Data extract below:

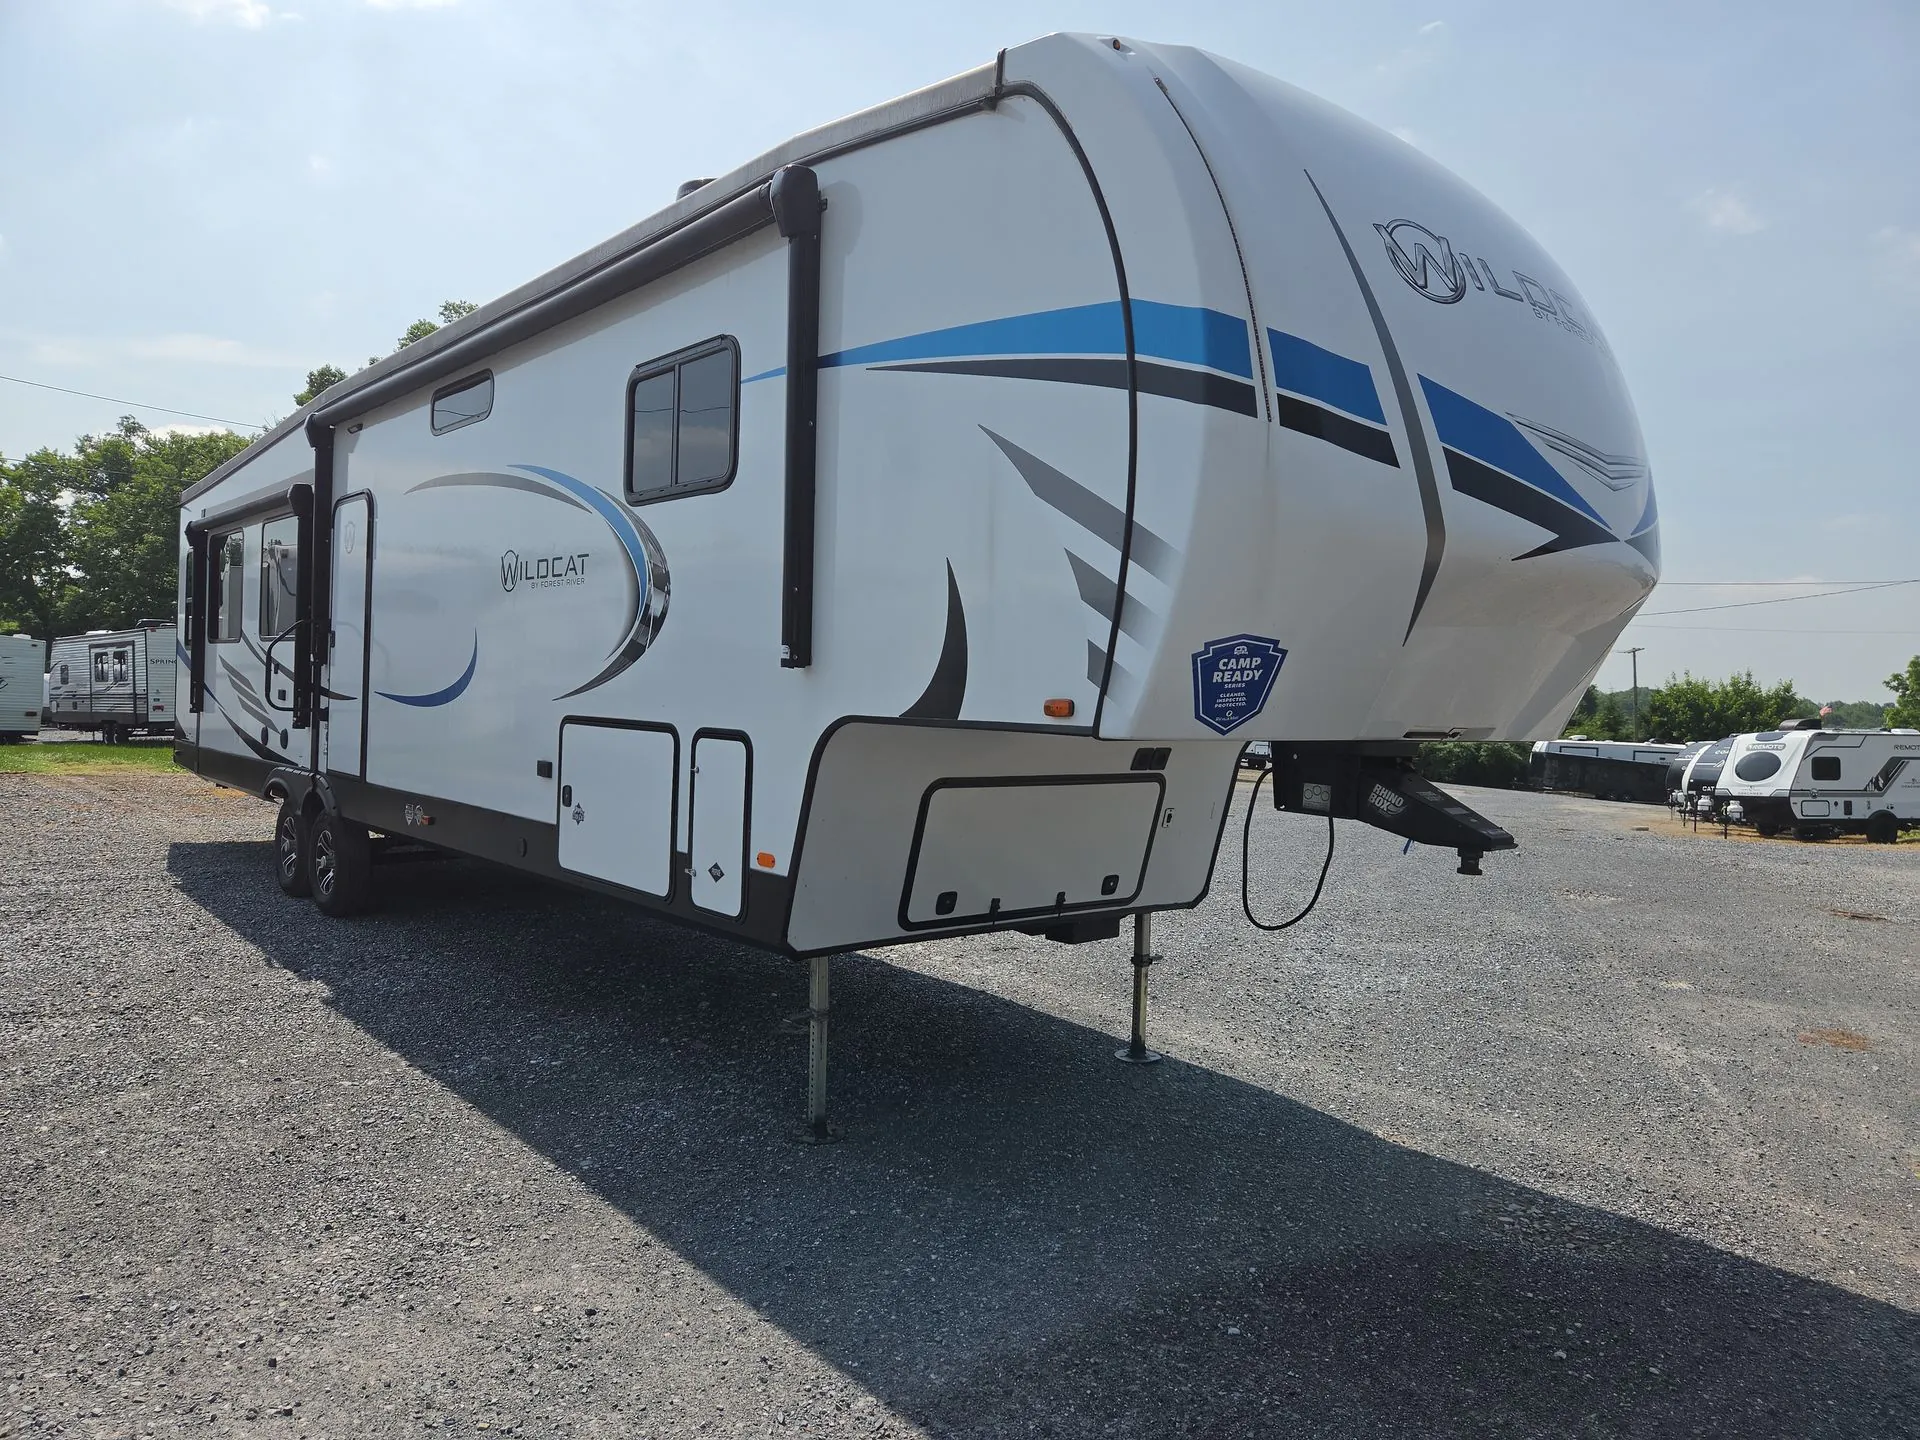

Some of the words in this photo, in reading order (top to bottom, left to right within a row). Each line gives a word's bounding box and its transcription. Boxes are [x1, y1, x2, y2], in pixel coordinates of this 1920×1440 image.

[501, 549, 590, 592] WILDCAT
[541, 579, 564, 588] FOREST
[566, 577, 585, 586] RIVER
[1218, 657, 1262, 670] CAMP
[1212, 669, 1263, 683] READY
[1368, 792, 1391, 811] BOX
[1372, 783, 1404, 807] RHINO

End of Data extract.

About this task:
Return every line above exactly, omitting images.

Answer section:
Some of the words in this photo, in reading order (top to bottom, left to right within a row). Each line gives a word's bounding box and its transcription. Boxes are [x1, y1, x2, y2], in pixel coordinates of this 1920×1440 image.

[501, 549, 590, 592] WILDCAT
[541, 579, 564, 588] FOREST
[566, 577, 585, 586] RIVER
[1218, 657, 1262, 670] CAMP
[1212, 669, 1263, 683] READY
[1368, 792, 1391, 811] BOX
[1372, 783, 1404, 807] RHINO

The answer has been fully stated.